Records from a dataset:
[Start of section]
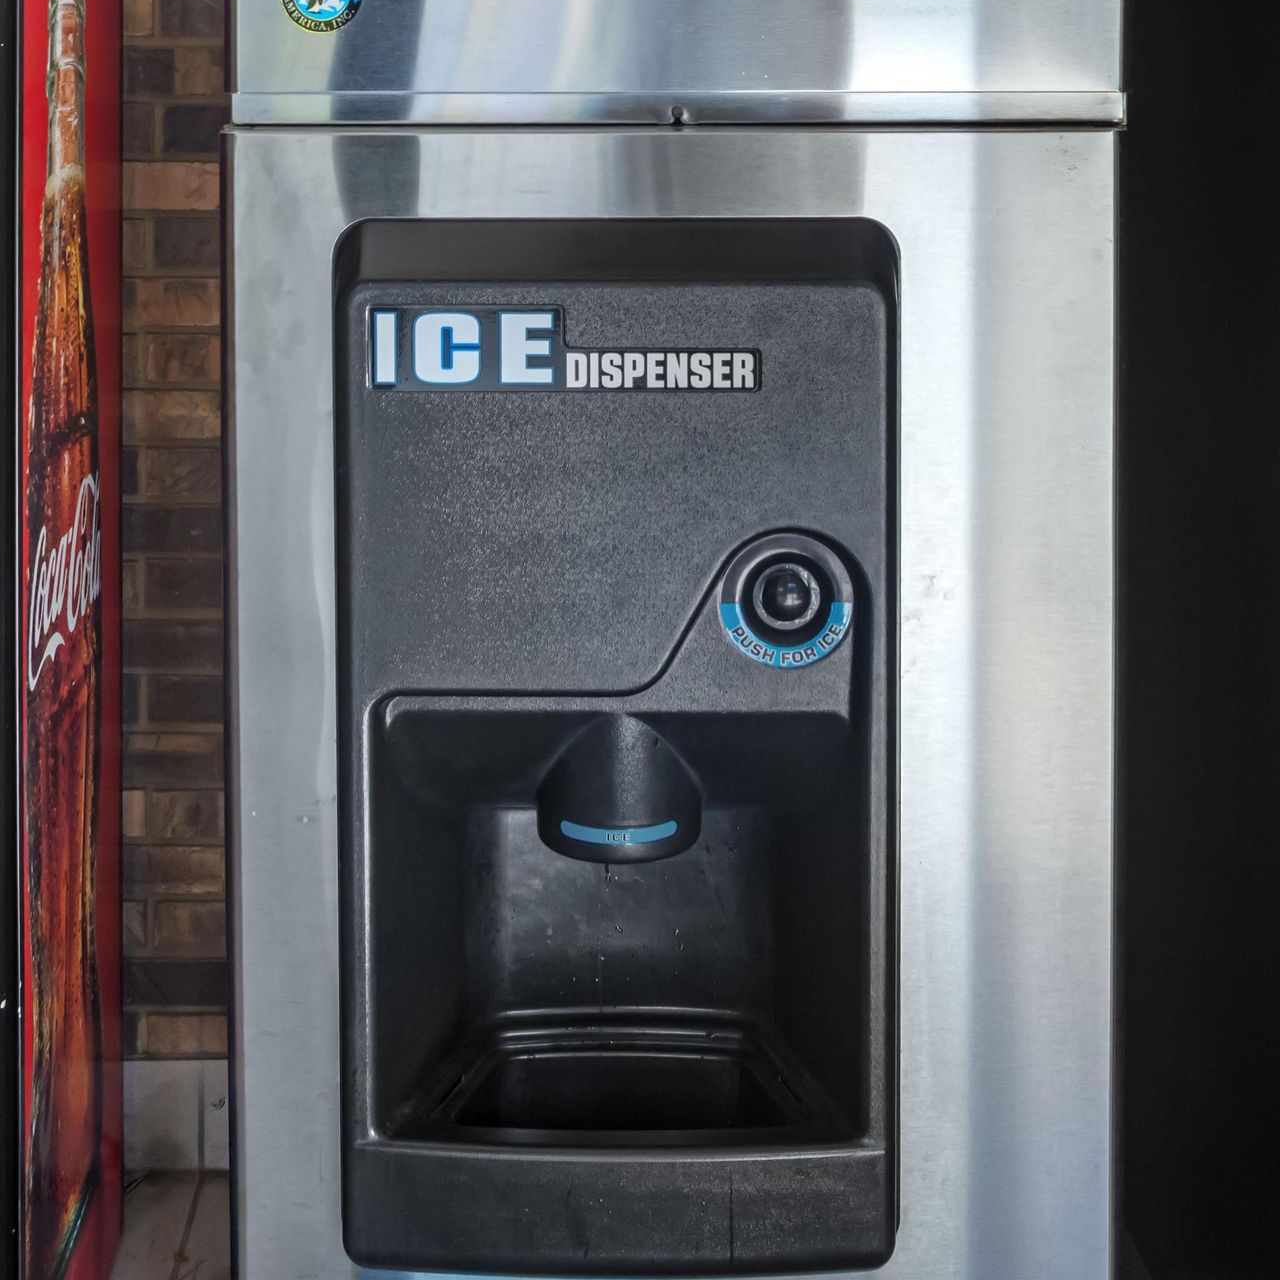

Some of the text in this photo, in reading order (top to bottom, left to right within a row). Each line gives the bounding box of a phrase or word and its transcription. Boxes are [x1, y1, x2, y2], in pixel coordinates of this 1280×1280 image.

[331, 9, 356, 28] INC.
[373, 311, 755, 389] ICE DISPENSER
[28, 470, 101, 692] Coca-Cola
[731, 624, 842, 664] PUSH FOR ICE
[605, 833, 631, 842] ICE
[End of section]
ASSIGNMENT: Write out all the data exactly, minus pictures.

RESPONSE FOR THIS EXERCISE:
Some of the text in this photo, in reading order (top to bottom, left to right within a row). Each line gives the bounding box of a phrase or word and its transcription. Boxes are [x1, y1, x2, y2], in pixel coordinates of this 1280×1280 image.

[331, 9, 356, 28] INC.
[373, 311, 755, 389] ICE DISPENSER
[28, 470, 101, 692] Coca-Cola
[731, 624, 842, 664] PUSH FOR ICE
[605, 833, 631, 842] ICE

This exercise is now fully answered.